Task brief: A word-for-word copy of the entries, with images excluded, is the expected answer.

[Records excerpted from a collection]
^^^^^^^^^^^^^^^^

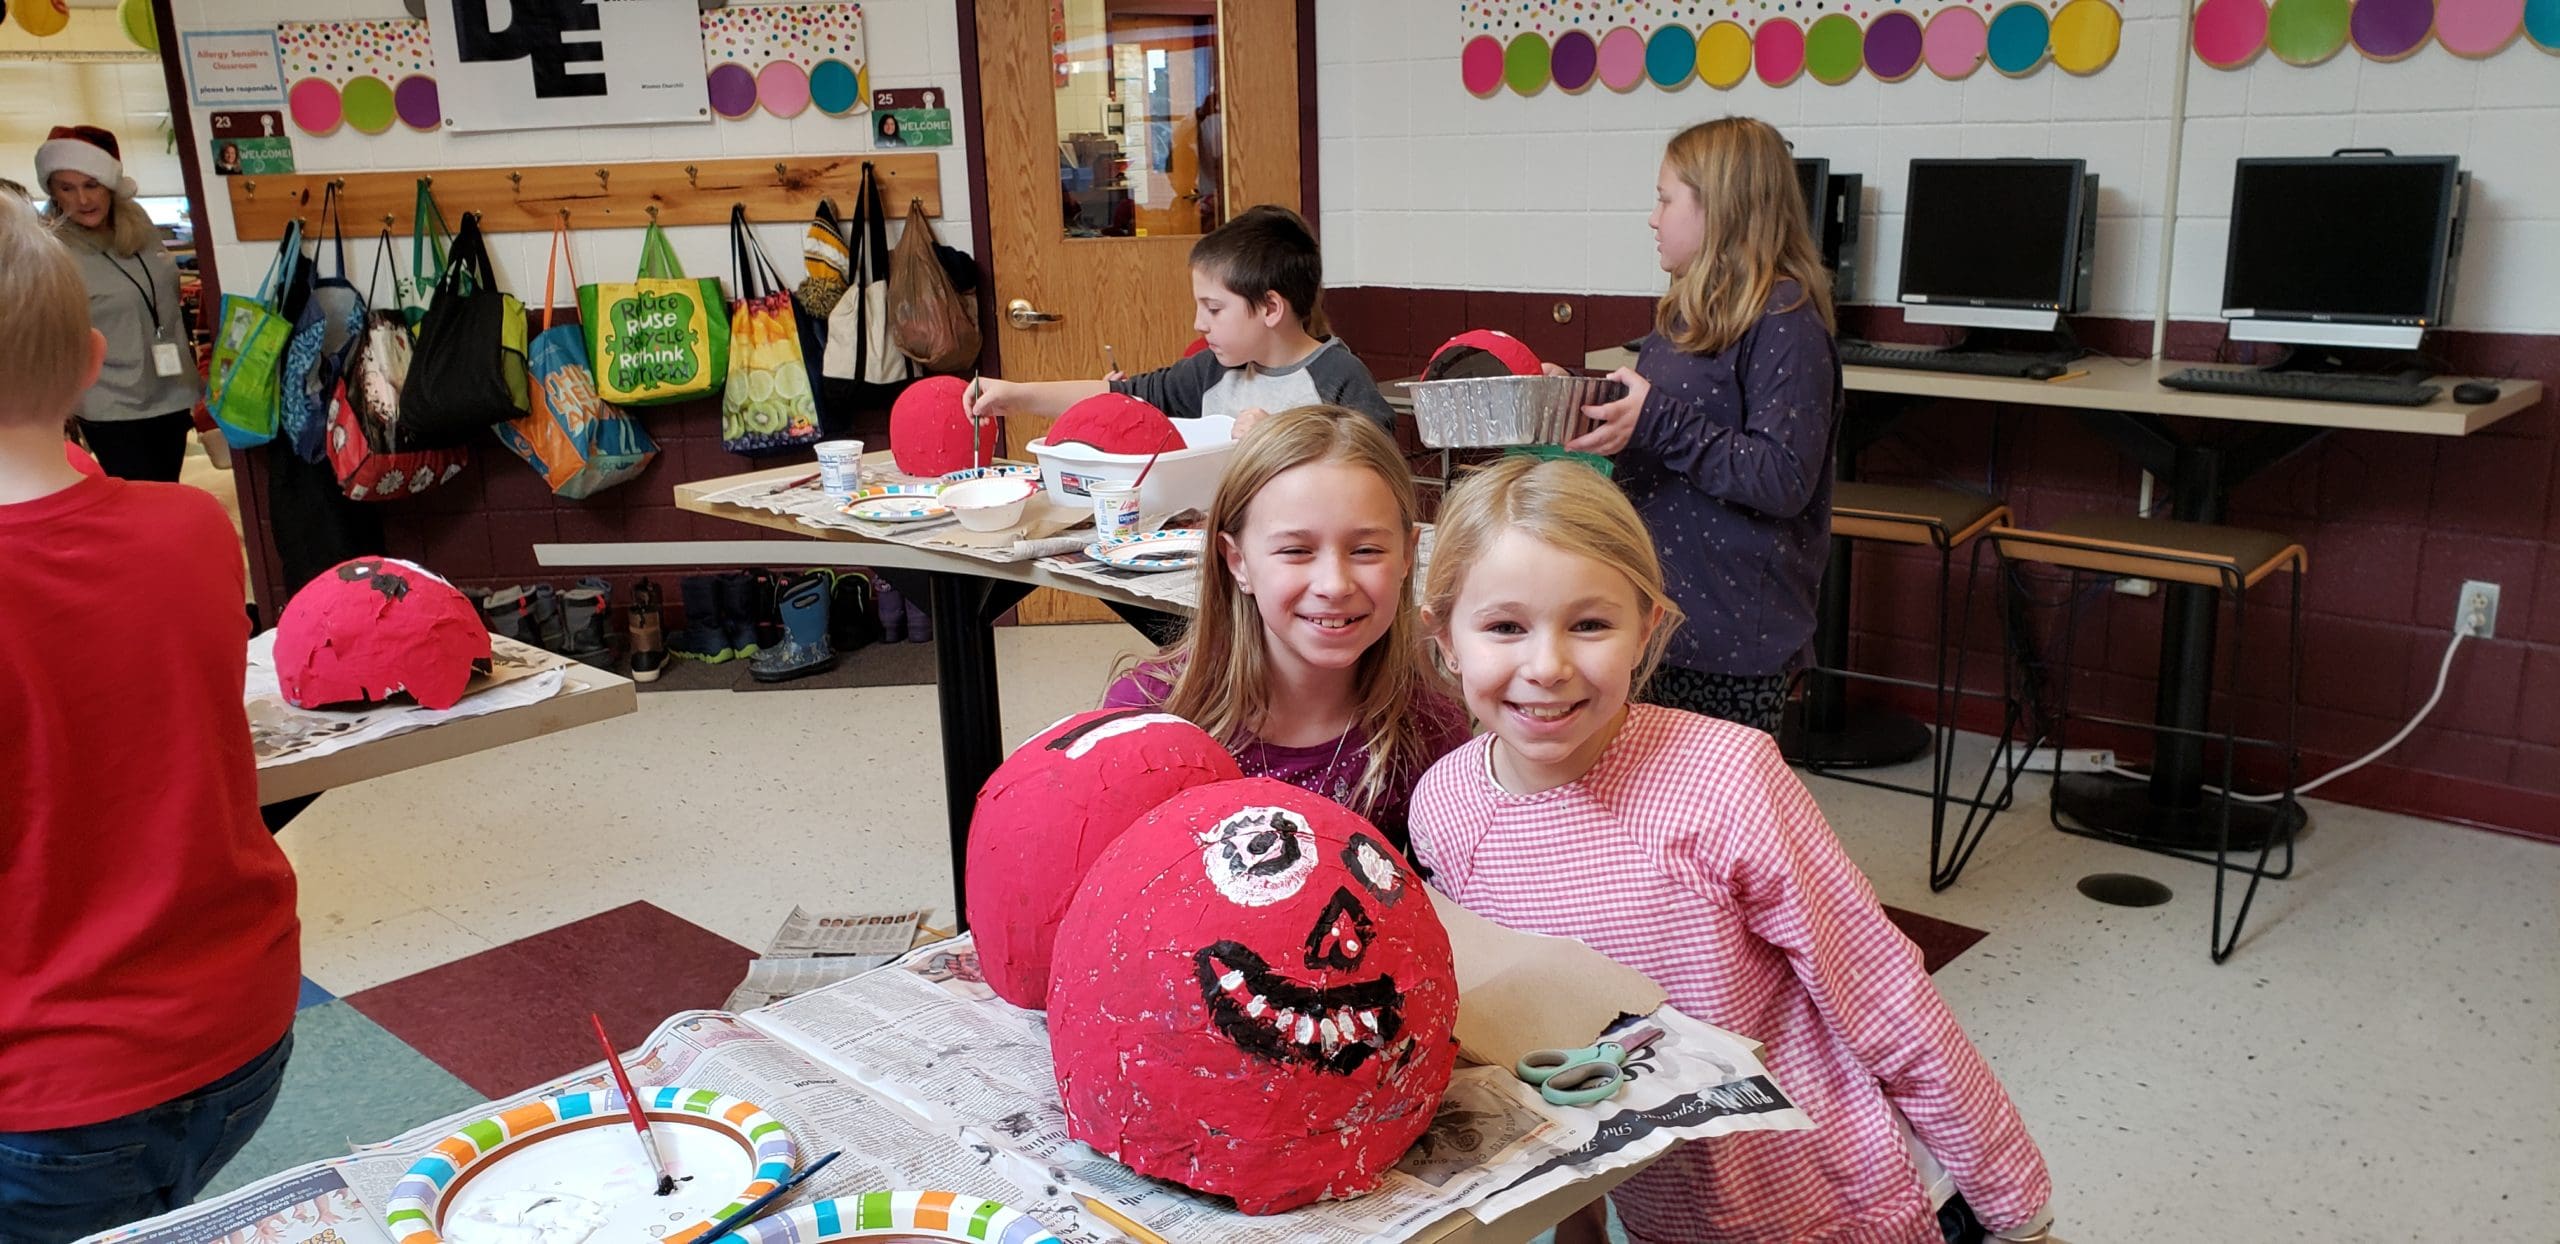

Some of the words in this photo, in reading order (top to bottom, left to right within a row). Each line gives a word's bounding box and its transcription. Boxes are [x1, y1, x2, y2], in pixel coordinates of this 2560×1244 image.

[197, 50, 229, 59] Allergy
[231, 50, 269, 58] Sensitive
[212, 62, 258, 70] Classroom
[200, 85, 224, 94] please
[236, 84, 278, 93] responsible
[878, 93, 894, 105] 25
[215, 116, 231, 128] 23
[899, 120, 951, 131] WELCOME!
[240, 149, 292, 159] WELCOME!
[1602, 1122, 1633, 1140] The
[1412, 1158, 1448, 1167] GUARD

^^^^^^^^^^^^^^^^

Answer area:
Some of the words in this photo, in reading order (top to bottom, left to right within a row). Each line gives a word's bounding box and its transcription. Boxes are [x1, y1, x2, y2], in pixel coordinates of this 2560×1244 image.

[197, 50, 229, 59] Allergy
[231, 50, 269, 58] Sensitive
[212, 62, 258, 70] Classroom
[200, 85, 224, 94] please
[236, 84, 278, 93] responsible
[878, 93, 894, 105] 25
[215, 116, 231, 128] 23
[899, 120, 951, 131] WELCOME!
[240, 149, 292, 159] WELCOME!
[1602, 1122, 1633, 1140] The
[1412, 1158, 1448, 1167] GUARD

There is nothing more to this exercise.